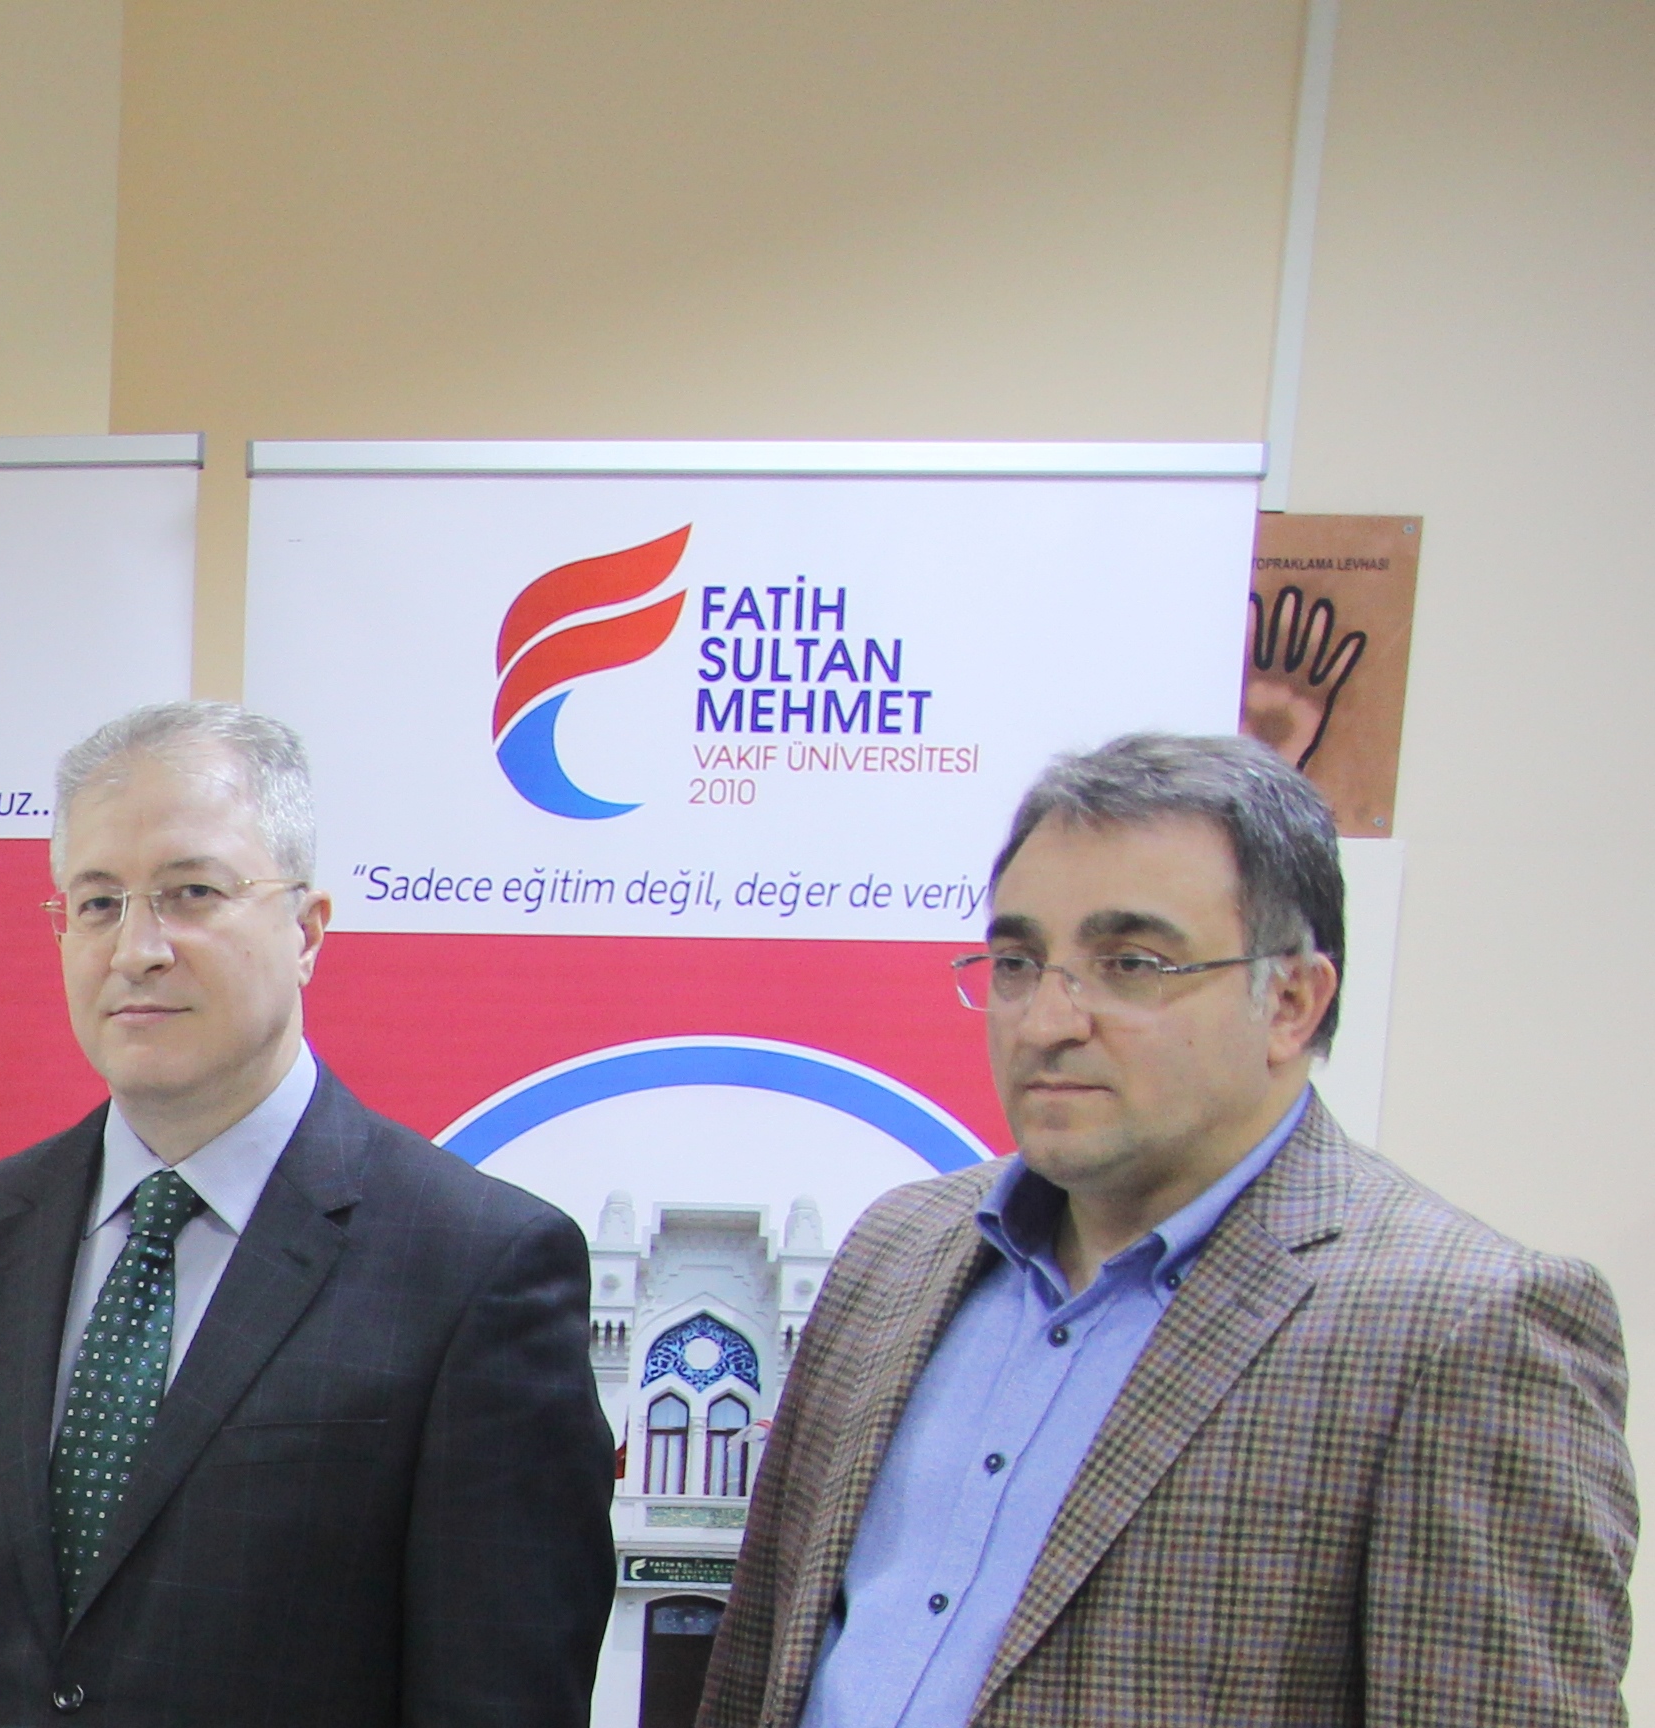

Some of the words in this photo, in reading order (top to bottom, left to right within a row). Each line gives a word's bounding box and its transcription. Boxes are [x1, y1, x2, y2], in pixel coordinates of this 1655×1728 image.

[1336, 557, 1390, 571] LEVHASI
[701, 575, 846, 631] FATİH
[698, 637, 903, 683] SULTAN
[695, 688, 932, 734] MEHMET
[692, 744, 778, 771] VAKIF
[787, 741, 979, 773] ÜNİVERSİTESİ
[689, 777, 756, 805] 2010
[502, 867, 615, 913] eğitim
[624, 870, 722, 917] değil,
[733, 871, 841, 919] değer
[849, 875, 892, 910] de
[902, 881, 987, 919] veriy

Prompt » The full listing, reproduced exactly and without pictures, is the expected output.

Output »
Some of the words in this photo, in reading order (top to bottom, left to right within a row). Each line gives a word's bounding box and its transcription. Boxes are [x1, y1, x2, y2], in pixel coordinates of this 1655×1728 image.

[1336, 557, 1390, 571] LEVHASI
[701, 575, 846, 631] FATİH
[698, 637, 903, 683] SULTAN
[695, 688, 932, 734] MEHMET
[692, 744, 778, 771] VAKIF
[787, 741, 979, 773] ÜNİVERSİTESİ
[689, 777, 756, 805] 2010
[502, 867, 615, 913] eğitim
[624, 870, 722, 917] değil,
[733, 871, 841, 919] değer
[849, 875, 892, 910] de
[902, 881, 987, 919] veriy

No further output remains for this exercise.